Insulin May Not Even Be The Most Important Hormone In Diabetes
Or Other Chronic Diseases Of Aging
That honor likely goes to leptin.
It appears that the hormone leptin is largely responsible for the accuracy
of insulin signaling and whether one becomes insulin resistant or not.
Leptin, a relatively recently discovered hormone produced by fat, tells the
body and brain how much energy it has, whether it needs more (saying "be
hungry"), whether it should get rid of some (and stop being hungry) and
importantly what to do with the energy it has (reproduce, upregulate cellular
repair, or not).
Recent compelling research reveals that the two most important organs that
will determine whether one becomes (type 2, insulin resistant) diabetic or not
are the liver and the brain and it is their ability to listen to leptin that
will determine this.
Leptin largely influences, if not controls, the manifest functions of the hypothalamus
in the brain, including:
Reproduction,
Thyroid function,
Adrenal function and the
Sympathetic nervous system.
Fat, and leptin, strongly influences chronic inflammation and therefore diseases
associated with this including heart disease, Alzheimer's, and diabetes. It
appears now that rather than your brain being in control of your body, fat,
by way of leptin, is really in the driver's seat.
The Enemy Is Not Only Foreign To The Medical Community,
It Appears To Not Even Be Recognized
It is no wonder that (type 2) diabetes has not been conquered.
By some estimates, diabetes has increased over 700% in the last 50 years. This
reveals two very important facts.
Diabetes cannot be primarily a genetic disease, since the prior statistic has
taken place within the same generation and presumably essentially the same genetics.
Something that we have been doing is obviously wrong and needs to be changed.
That something is diet.
It is difficult, or perhaps even impossible, to actually prove that something
is true. However, it is not difficult to prove that something is false.
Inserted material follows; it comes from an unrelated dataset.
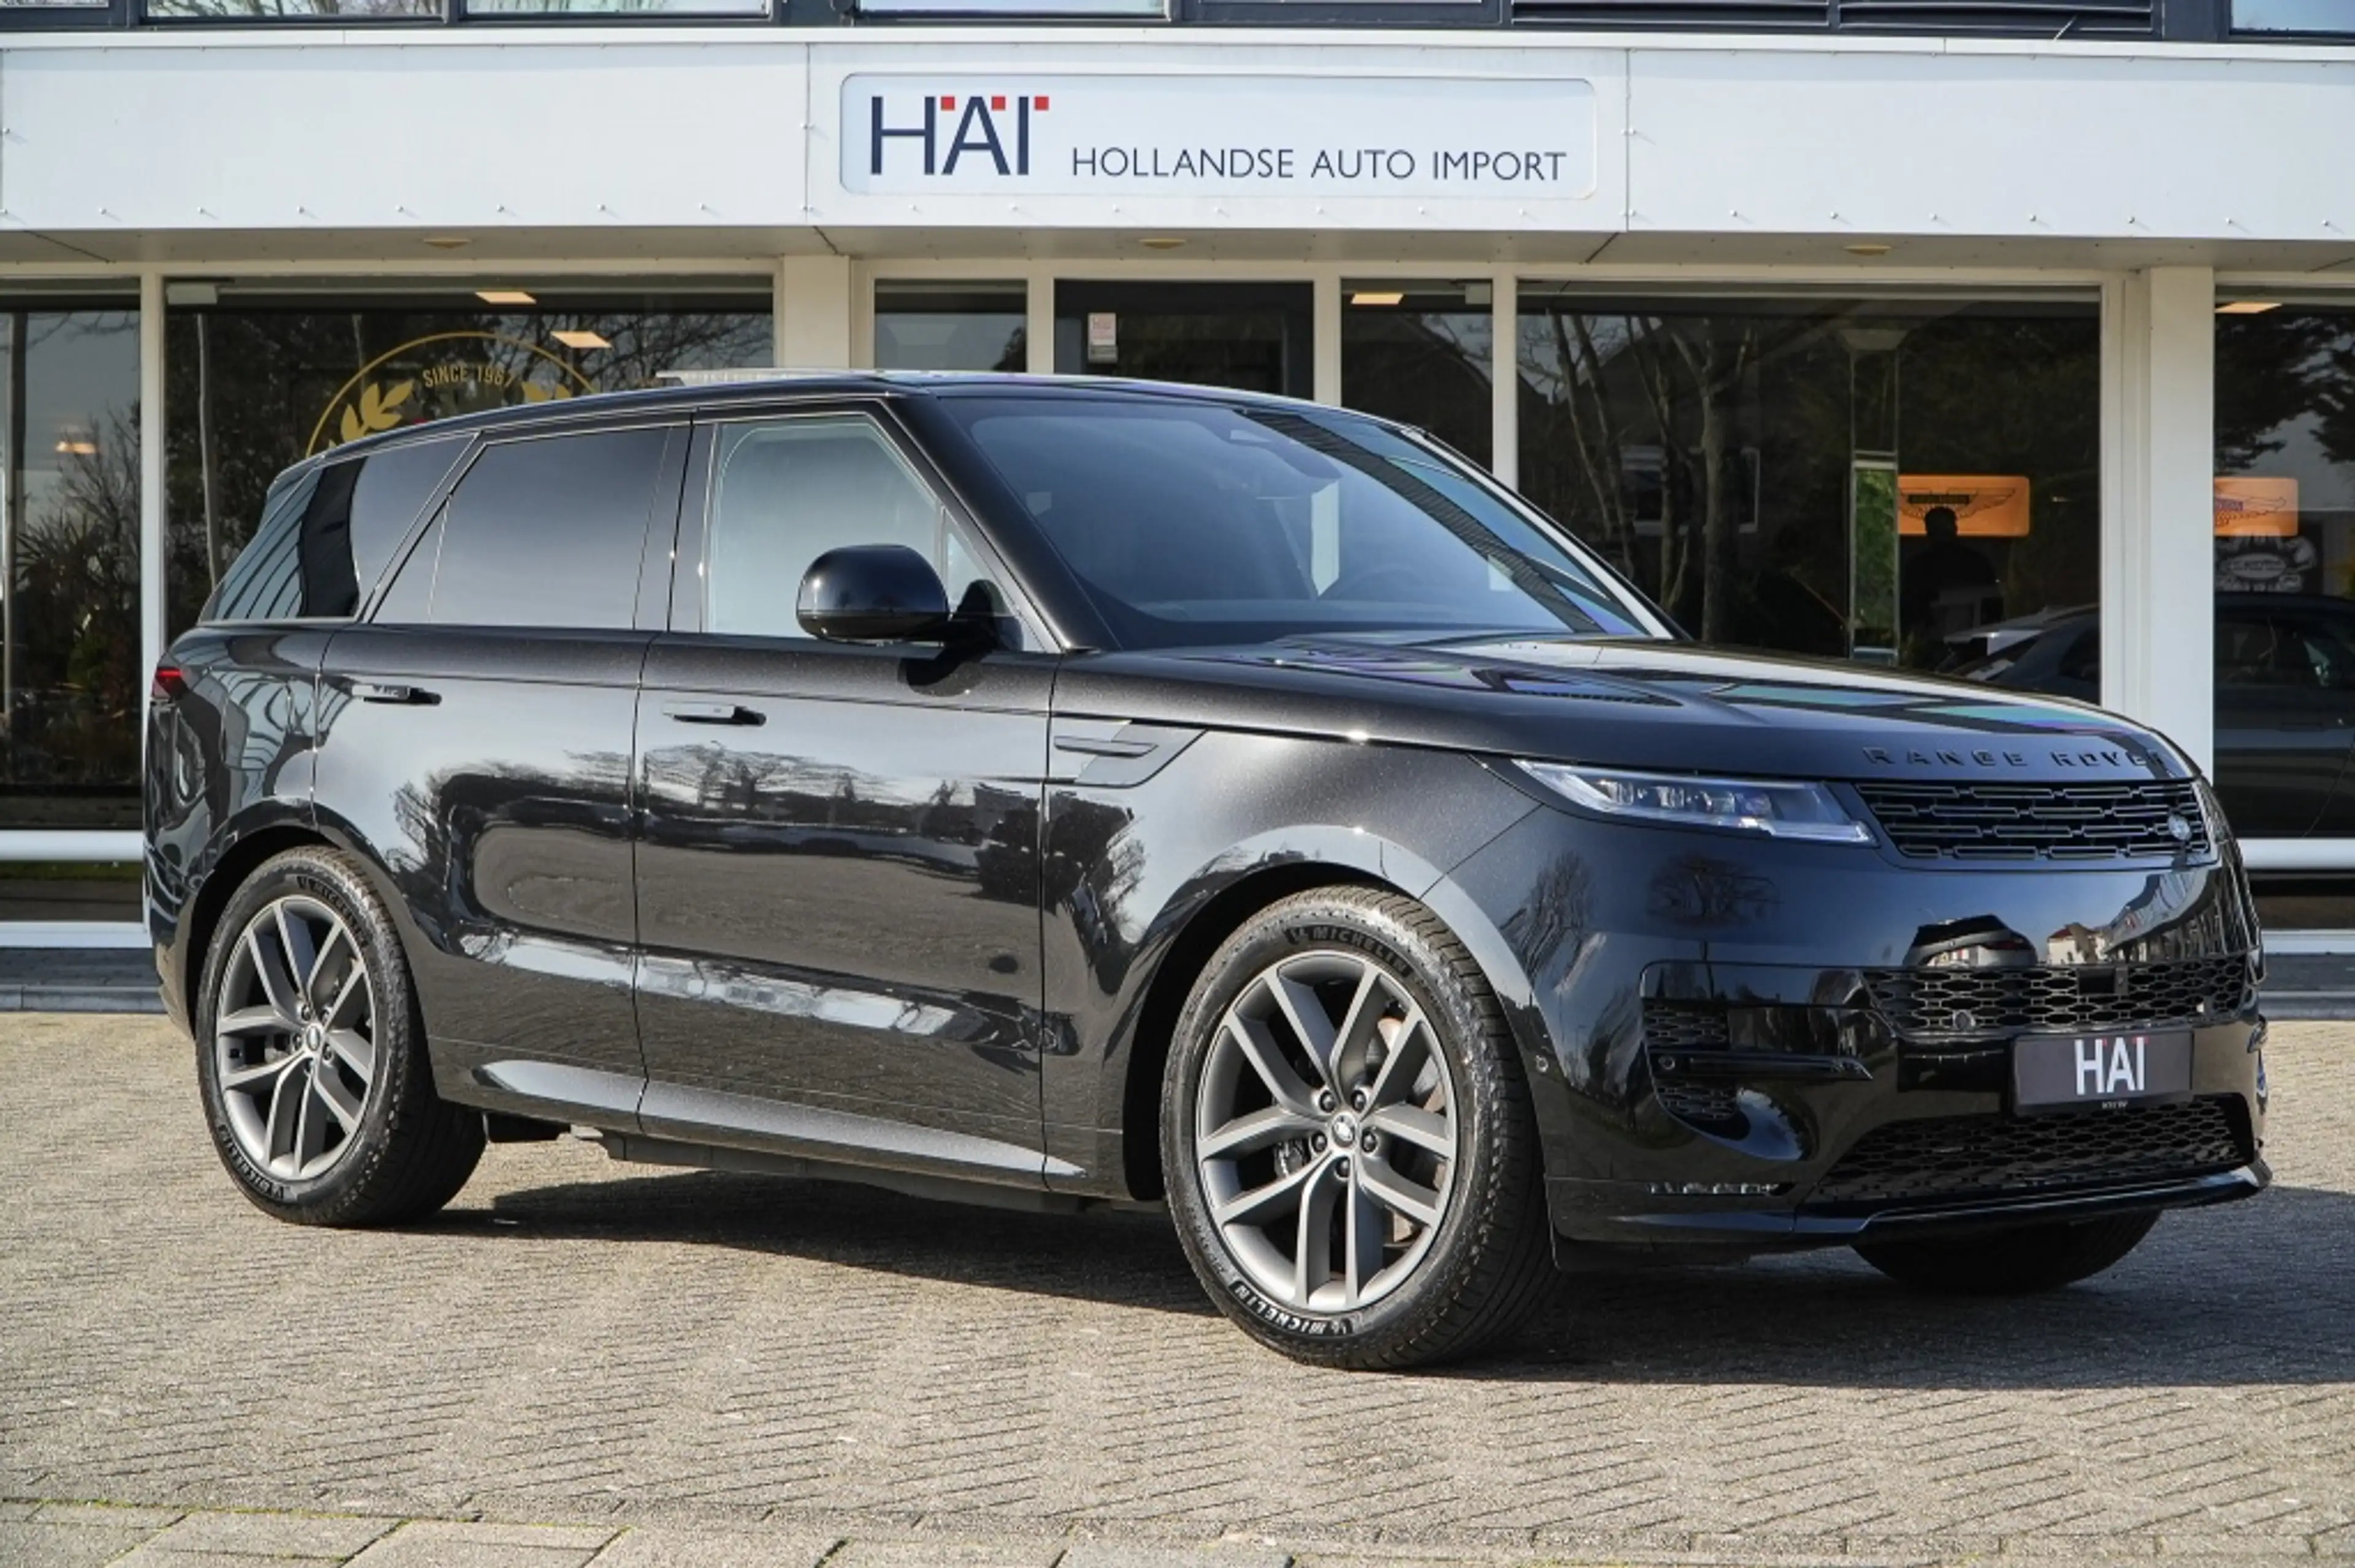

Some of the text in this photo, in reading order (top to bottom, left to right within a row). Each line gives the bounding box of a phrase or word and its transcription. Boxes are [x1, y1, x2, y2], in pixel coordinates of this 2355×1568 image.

Americans
have been following (at least partially), for the last 50 years, the nutritional
recommendations of a high complex carbohydrate, low saturated fat diet from
the:
American Dietetic Association,
American Heart Association, and the
American Diabetes Association
That, in itself, is an oxymoron since most of those "complex"
carbohydrates, such as potatoes, rice, cereals, pasta, and breads rapidly
turn to sugar and the excess sugar (glucose) rapidly turns into long-chain
saturated fatty acids (palmitic acid; "palm oil"). Concomitant
with that recommendation the incidence of diabetes and obesity has skyrocketed
and has become one of the worst worldwide epidemics the world has ever
seen.
Eating a high "complex" carbohydrate, low saturated fat diet for
health and longevity has been shown, and perhaps even "proven," to
be wrong. Minimal common sense would say to try something else.
Diabetes Is A Disease Of Nutrition
And It Is The Science Of Nutrition That Must Treat It
Science is telling us that we must eat a diet that maximizes the accuracy of
insulin and leptin signaling allowing cells, you, to better listen to their
life-giving messages. (The need for those hormones to have to "yell"
to be heard is reduced and the levels of insulin and leptin are therefore lowered.)
That would be the eating plan emphasizing good fats and reduced nonfiber
carbohydrates/starches as outlined in my book "The
Rosedale Diet" and Dr. Mercola's "Total Health Program".
Doing so will greatly improve and even reverse type 2 "insulin
resistant" diabetes, heart disease, hypertension, many other chronic
diseases of aging, and even aging itself, as many of my patients who
have been able to totally eliminate the use of their drugs, including
insulin, can attest. Following those guidelines will let you -- and
your genes -- "be the best that you can be."